Items from a data source:
---------------
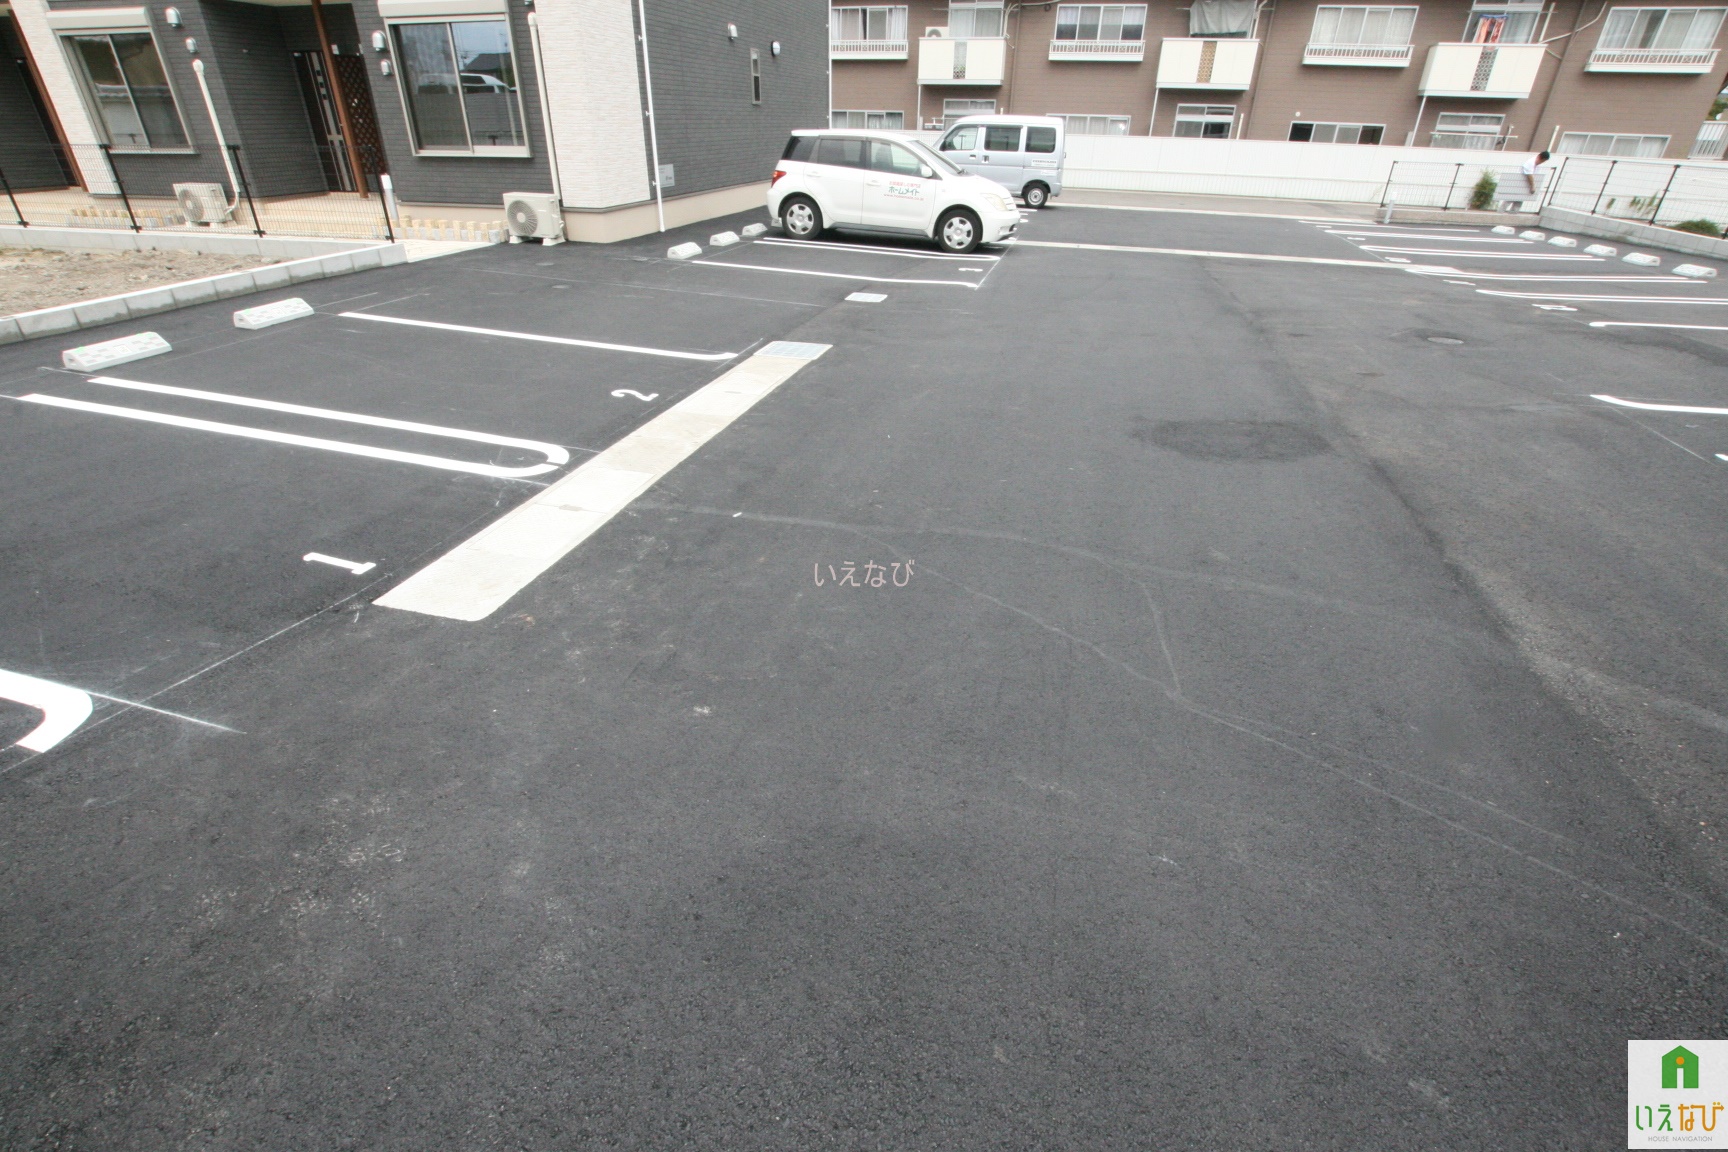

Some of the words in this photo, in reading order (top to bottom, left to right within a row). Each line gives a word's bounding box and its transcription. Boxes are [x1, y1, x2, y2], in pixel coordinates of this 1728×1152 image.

[888, 186, 920, 196] ホームメイト
[611, 389, 659, 401] 2
[302, 552, 376, 575] 1
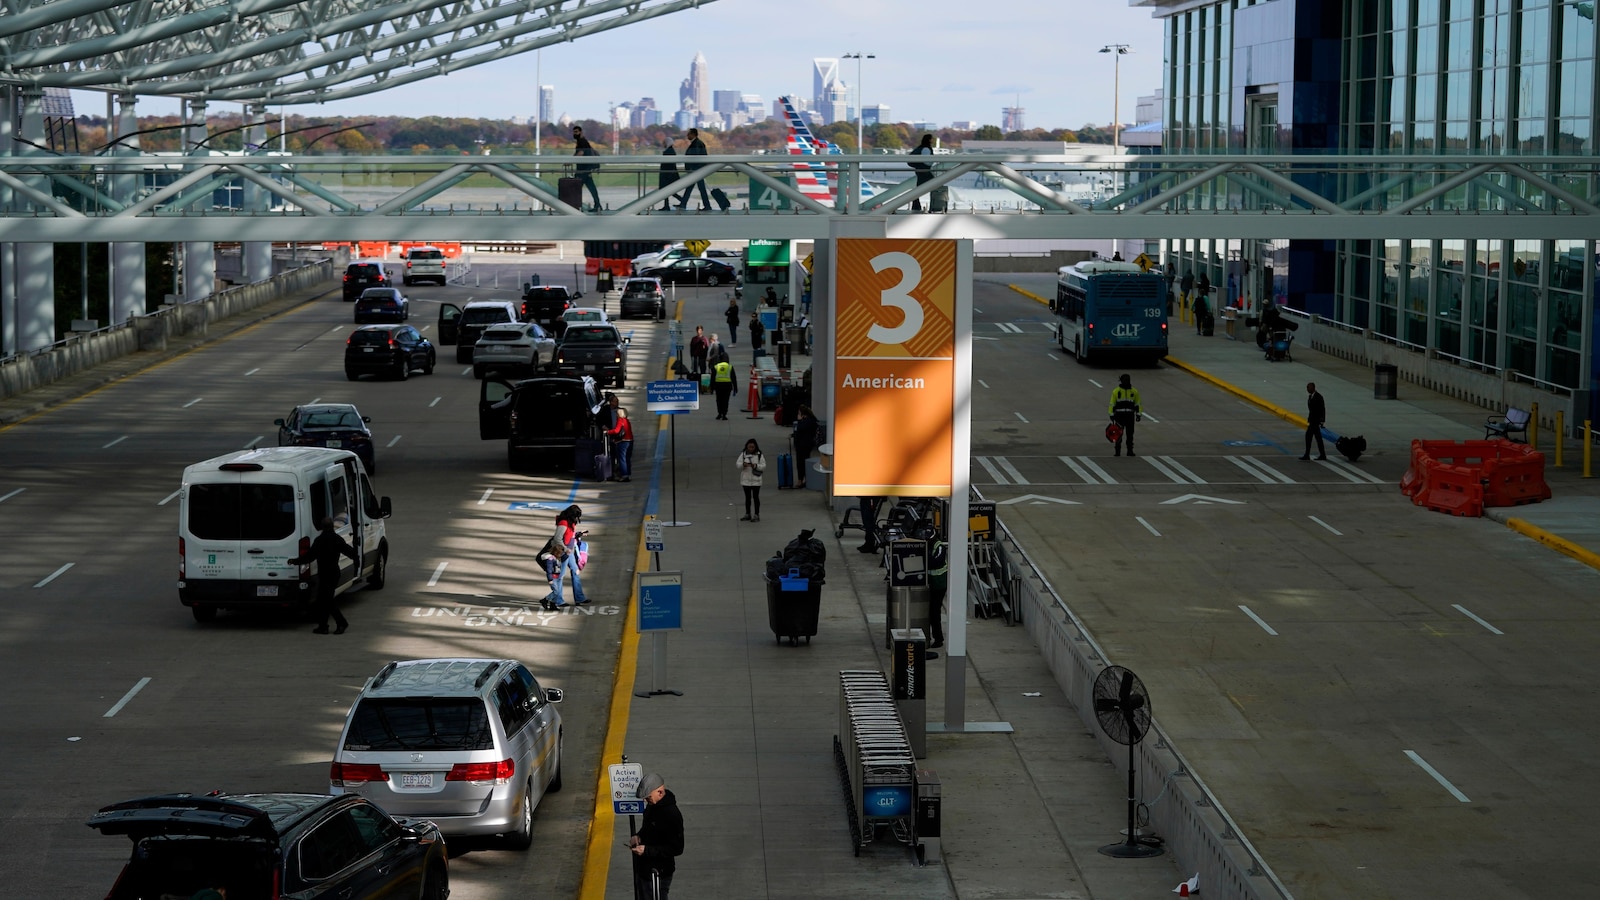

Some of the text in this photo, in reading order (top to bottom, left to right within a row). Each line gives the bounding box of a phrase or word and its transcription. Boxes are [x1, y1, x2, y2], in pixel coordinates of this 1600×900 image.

[758, 186, 781, 209] 4
[867, 252, 924, 344] 3
[1144, 308, 1161, 318] 139
[1116, 323, 1141, 337] CLT
[842, 374, 925, 389] American
[411, 605, 620, 617] UNLOADING
[464, 615, 557, 627] ONLY
[906, 642, 915, 697] smartecarte
[880, 798, 895, 806] CLT
---------------
Problem to work on
Only the records, copied exactly and free of pictures, belong in the answer.

Written solution
Some of the words in this photo, in reading order (top to bottom, left to right within a row). Each line gives a word's bounding box and its transcription. Boxes are [x1, y1, x2, y2], in pixel coordinates of this 1728×1152 image.

[888, 186, 920, 196] ホームメイト
[611, 389, 659, 401] 2
[302, 552, 376, 575] 1

Some of the text in this photo, in reading order (top to bottom, left to right within a row). Each line gives the bounding box of a phrase or word and its transcription. Boxes are [x1, y1, x2, y2], in pixel coordinates of this 1600×900 image.

[758, 186, 781, 209] 4
[867, 252, 924, 344] 3
[1144, 308, 1161, 318] 139
[1116, 323, 1141, 337] CLT
[842, 374, 925, 389] American
[411, 605, 620, 617] UNLOADING
[464, 615, 557, 627] ONLY
[906, 642, 915, 697] smartecarte
[880, 798, 895, 806] CLT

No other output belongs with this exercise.